Christ has knocked at your door and you have heard His voice again and again. You are not long without such knocks. Christ has often knocked. He stands at the door and knocks, as the Scripture says. He does not knock and walk away, but He stands at the door and knocks. The knocks have been repeated and continued, and you have frequently but falsely said, “I will open.” You have vowed that you would change and turn. Shall all those vows be registered against you? Shall all those resolutions help to increase your doom, being evidence of your trifling with God and attempting to deceive the Omniscient One?

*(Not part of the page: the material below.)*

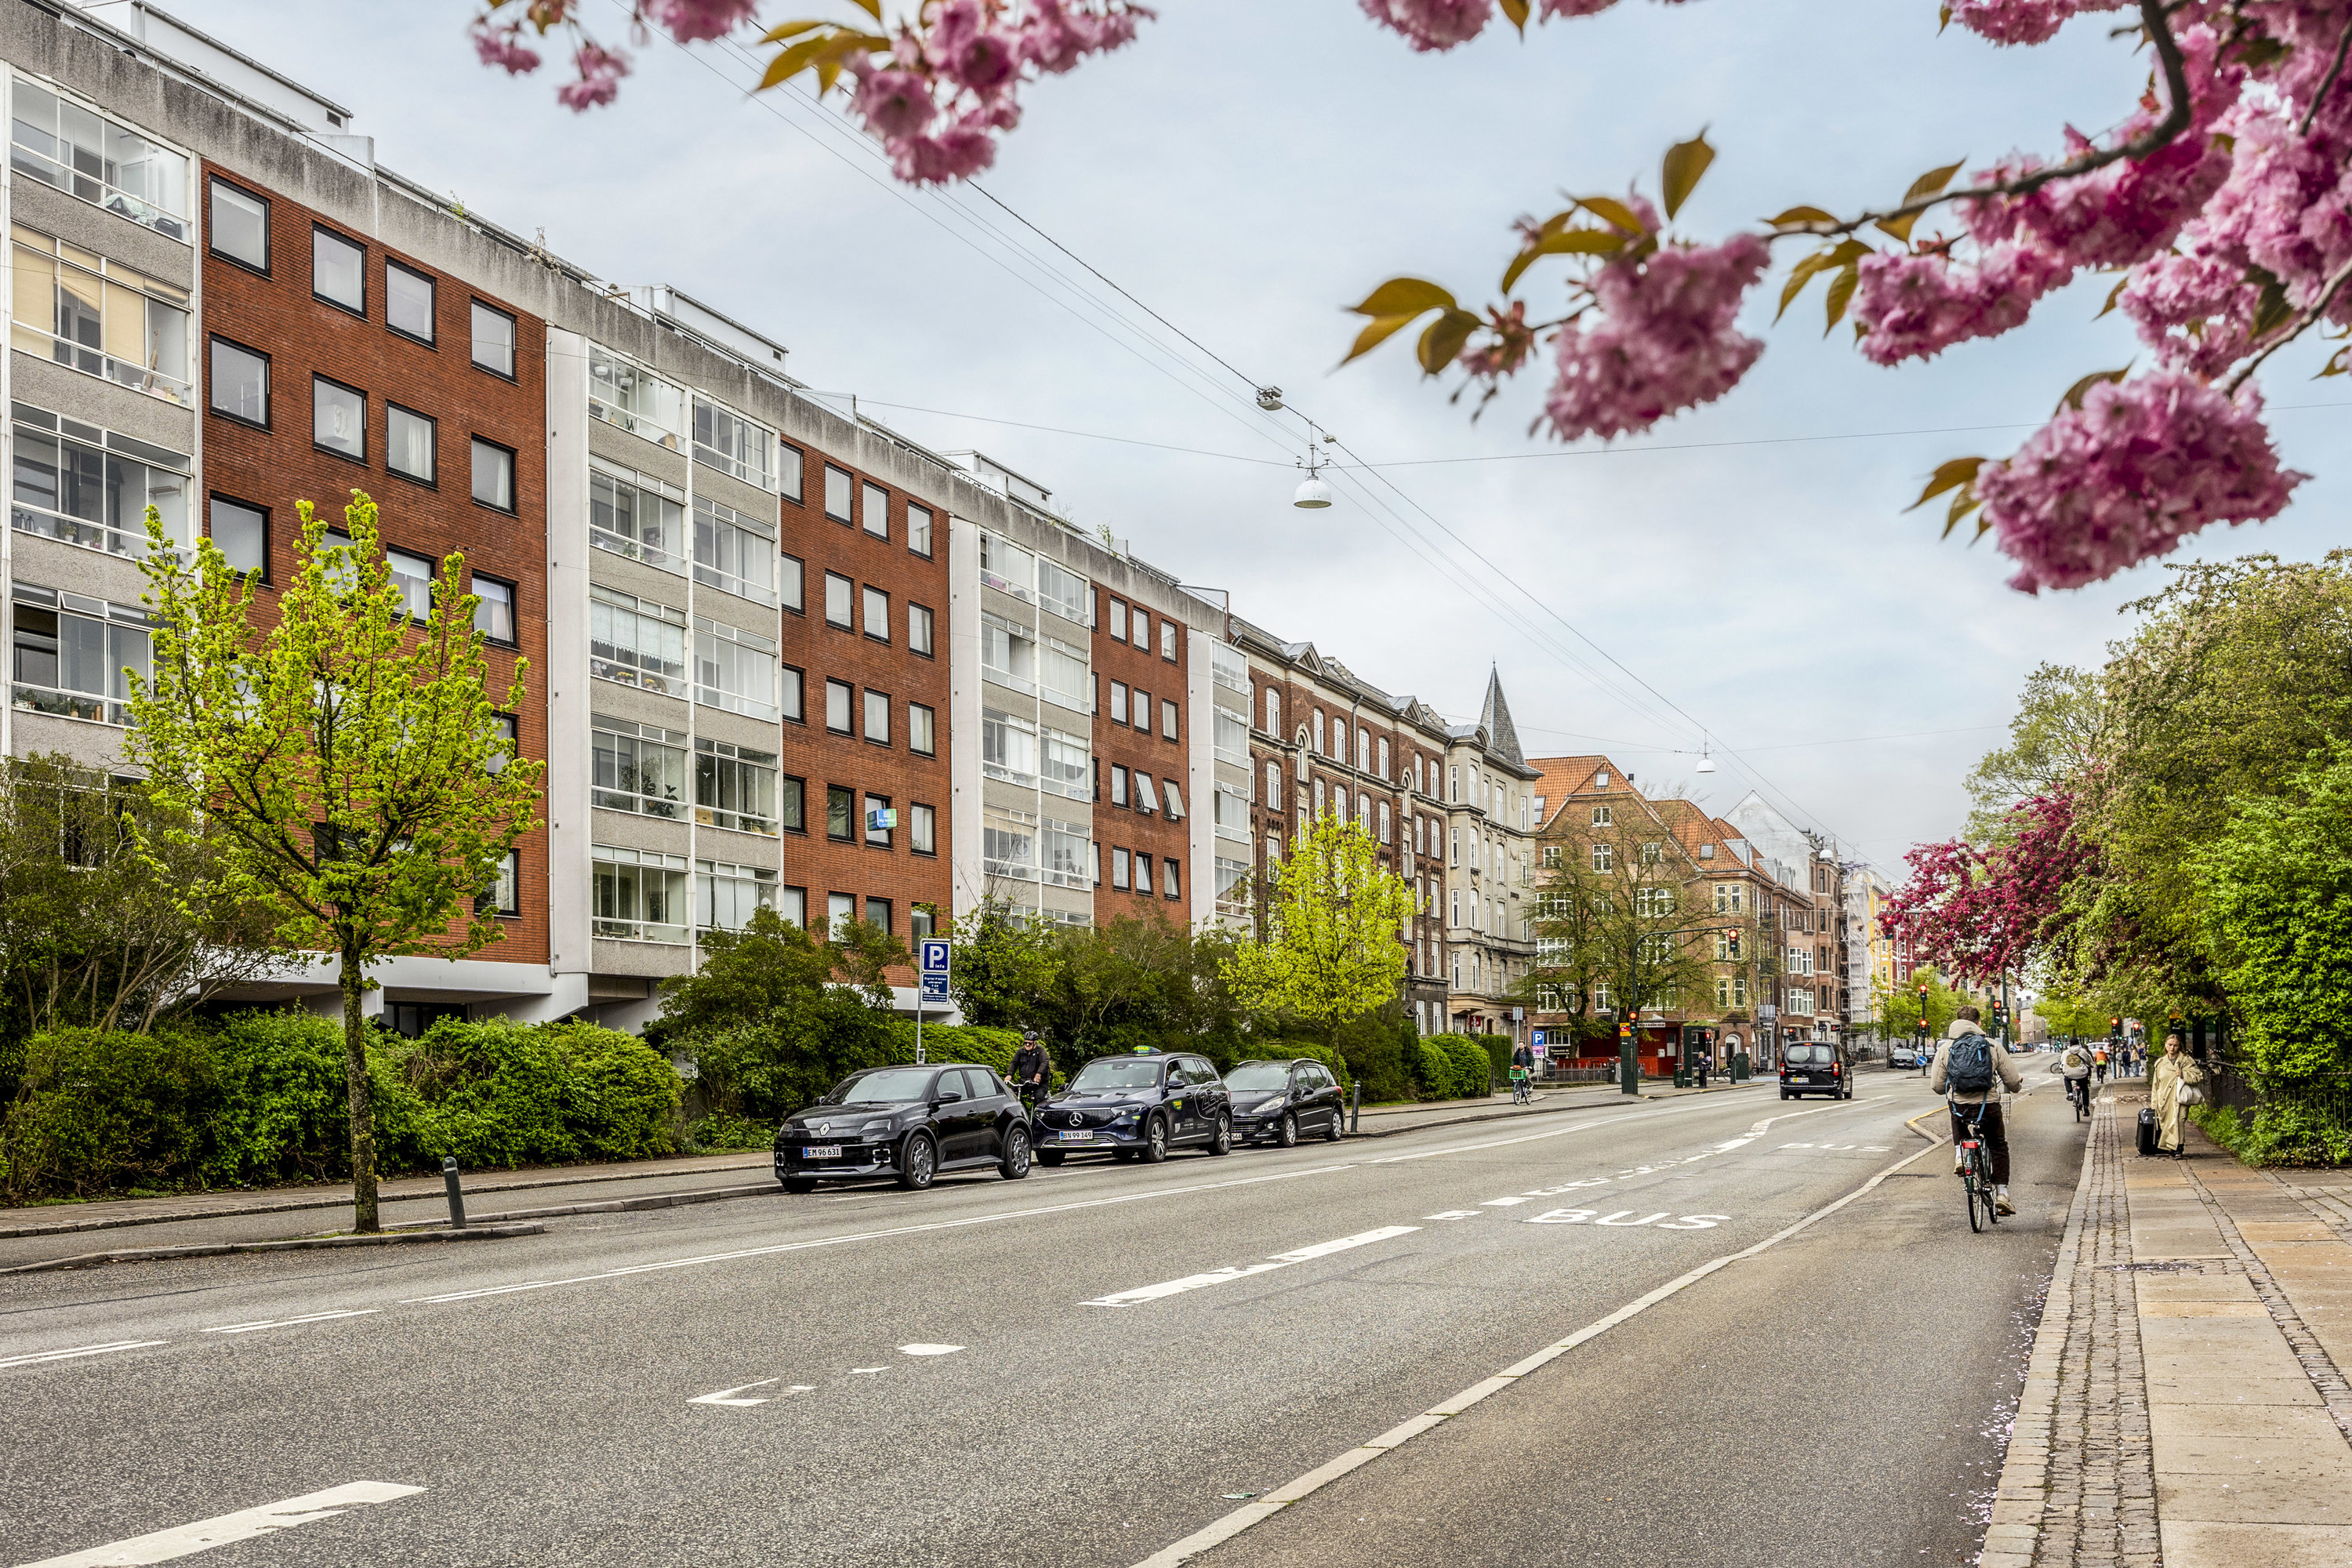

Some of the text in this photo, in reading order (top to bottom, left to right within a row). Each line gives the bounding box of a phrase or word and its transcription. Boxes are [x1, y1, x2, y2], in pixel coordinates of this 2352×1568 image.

[929, 946, 944, 968] P
[1535, 1033, 1542, 1044] P
[1777, 1143, 1893, 1152] BUS
[1523, 1208, 1732, 1229] BUS

O Sinner, how much has been done for you? What more can be done for you, vain Man? What more shall be done for you, careless Woman? It is useless that you should be stricken any more–you will revolt more and more. You have suffered and you have smarted till your whole head is sick and your whole heart faint, and God’s rod has made you smart till you are full of wounds and bruises, and putrefying sores–but still you do not turn!

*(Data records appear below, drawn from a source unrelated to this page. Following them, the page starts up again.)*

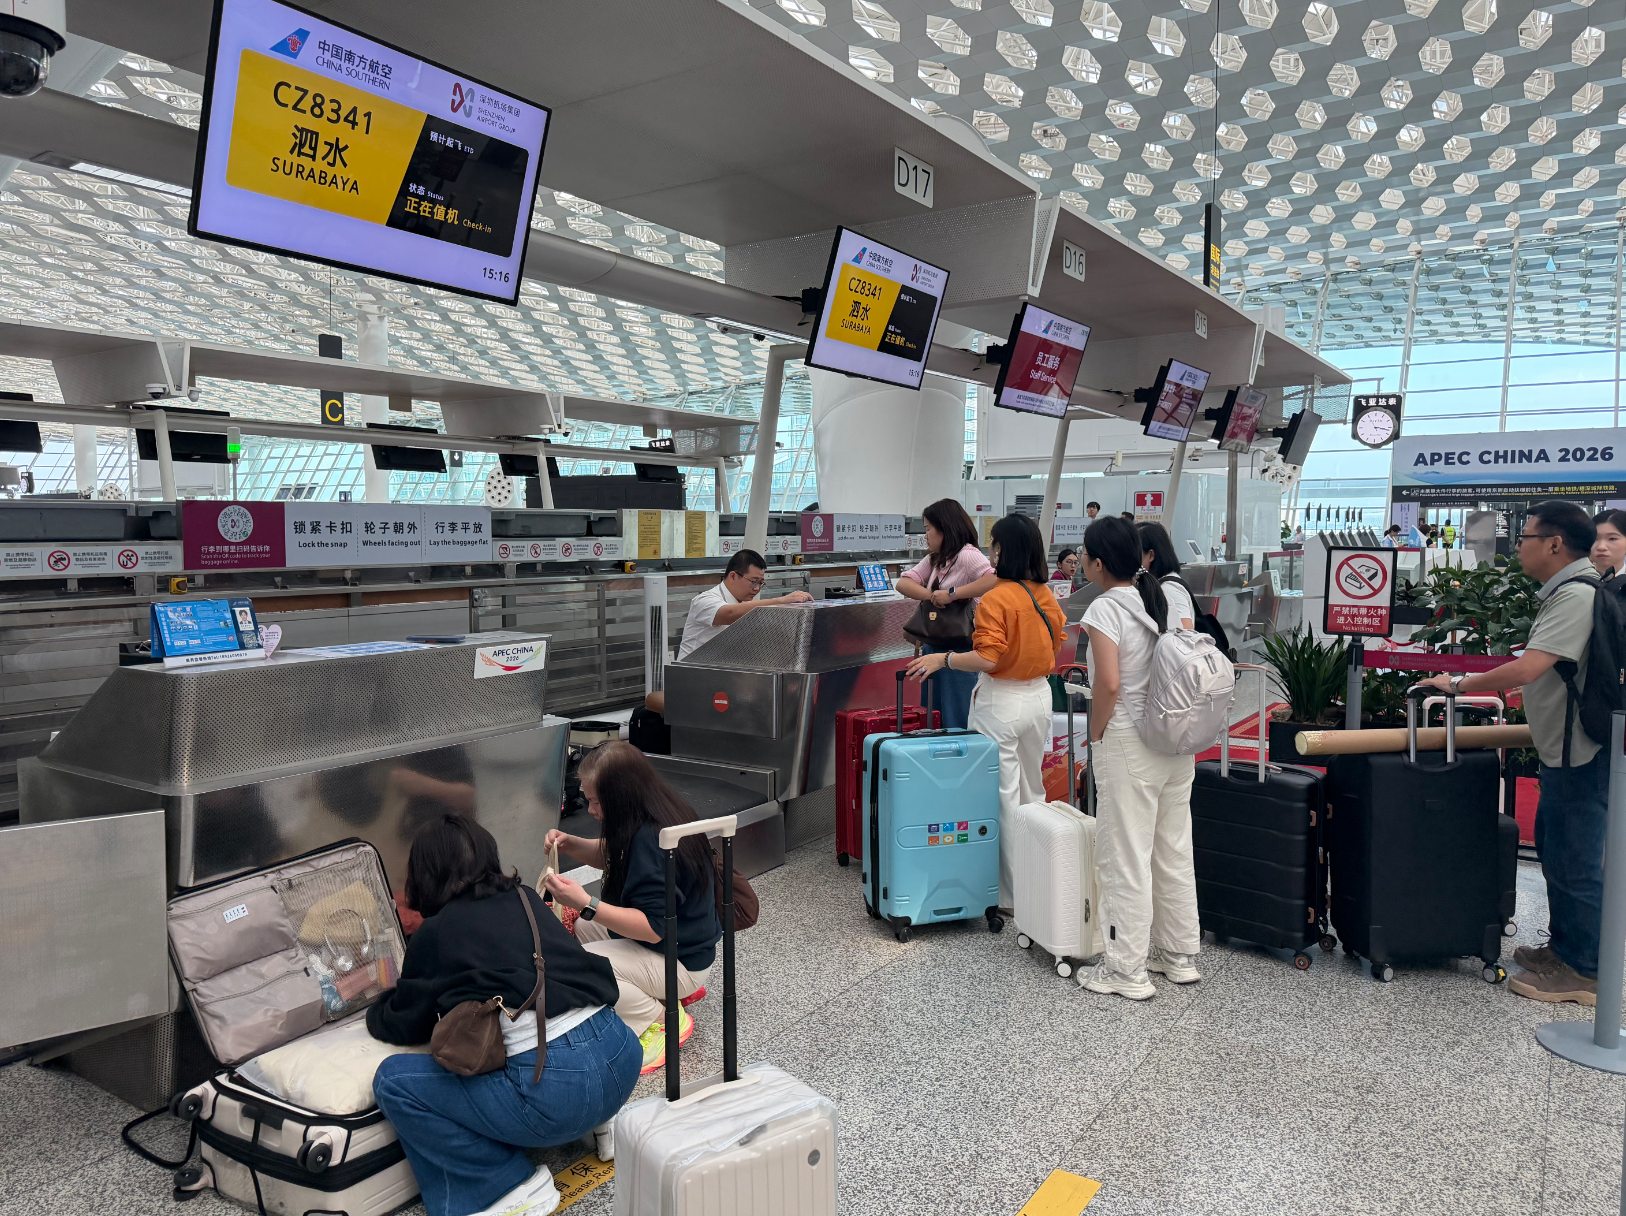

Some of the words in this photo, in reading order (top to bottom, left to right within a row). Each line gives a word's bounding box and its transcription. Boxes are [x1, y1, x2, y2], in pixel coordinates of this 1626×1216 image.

[318, 39, 393, 80] 中国南方航空
[315, 55, 343, 74] CHINA
[345, 66, 391, 91] SOUTHERN
[273, 81, 372, 135] CZ8341
[478, 107, 505, 122] SHENZHEN
[477, 116, 497, 128] AIRPORT
[289, 124, 349, 168] 泗水
[429, 131, 462, 151] 预计起飞
[270, 156, 360, 195] SURABAYA
[898, 155, 930, 198] D17
[408, 183, 425, 196] 状态
[404, 196, 459, 225] 正在值机
[462, 218, 492, 234] Check-in
[1065, 245, 1084, 275] D16
[482, 267, 510, 283] 15:16
[848, 277, 882, 301] CZ8341
[849, 300, 871, 321] 泗水
[841, 318, 871, 335] SURABAYA
[1196, 312, 1207, 335] D15
[885, 332, 906, 347] 正在值机
[1035, 351, 1061, 370] 员工服务
[1030, 369, 1042, 381] Staff
[1040, 371, 1057, 384] Service
[325, 399, 343, 422] C
[1358, 397, 1397, 406] 飞亚达表
[1413, 451, 1472, 467] APEC
[1478, 448, 1551, 465] CHINA
[1557, 446, 1614, 463] 2026
[293, 520, 353, 534] 锁紧卡扣
[364, 521, 418, 534] 轮子朝外
[434, 521, 483, 534] 行李平放
[201, 545, 270, 553] 行李到哪里扫码告诉你
[330, 541, 348, 549] snap
[362, 539, 387, 547] Wheels
[388, 539, 409, 548] facing
[429, 539, 440, 547] Lay
[452, 539, 478, 547] baggage
[1332, 606, 1387, 616] 严禁携带火种
[1336, 616, 1381, 626] 进入控制区
[491, 648, 511, 658] APEC
[511, 645, 534, 655] CHINA
[560, 1179, 595, 1204] Please

I have this much to say to you, and then I shall have to leave you to go to another part of the text. There is in this Book a very terrible passage which I commend to you who have up to now declined to accede to the Divine Word. You will find it in the first chapter of Proverbs, at the 24 th verse, “Because I have called, and you refused; I have stretched outMy hand, and no man regarded; but you have set at nothing all My counsel, and would none of My reproof: I also will laugh at your calamity; I will mock when your fear comes; when your fear comes as desolation, and your destruction comes as a whirlwind; when distress and anguish comes upon you. Then shall they call upon Me, but I will not answer; they shall seek Me early, but they shall not find Me: for that they hated knowledge, and did not choose the fear of the Lord: they would none of My counsel: they despised all My reproof. Therefore shall they eat of the fruit of their own way, and be filled with their own devices.”
That is the voice of God to you, Sinner, you who have said, “I will not serve the Lord.” Take that bitter morsel and chew it. Roll it over again and again till you have got the very bitterness out of it. O may God make your sins as bitter as the judgment upon your sins! May the blessed Spirit lead you to the Cross of Christ, for you never will yield to the Cross of Christ unless the Holy Spirit constrains you. O that you may “Kiss the Son, lest He be angry, and you perish from the way”–the worst place to perish–to perish in the way and from the way, “when His wrath is kindled but a little.”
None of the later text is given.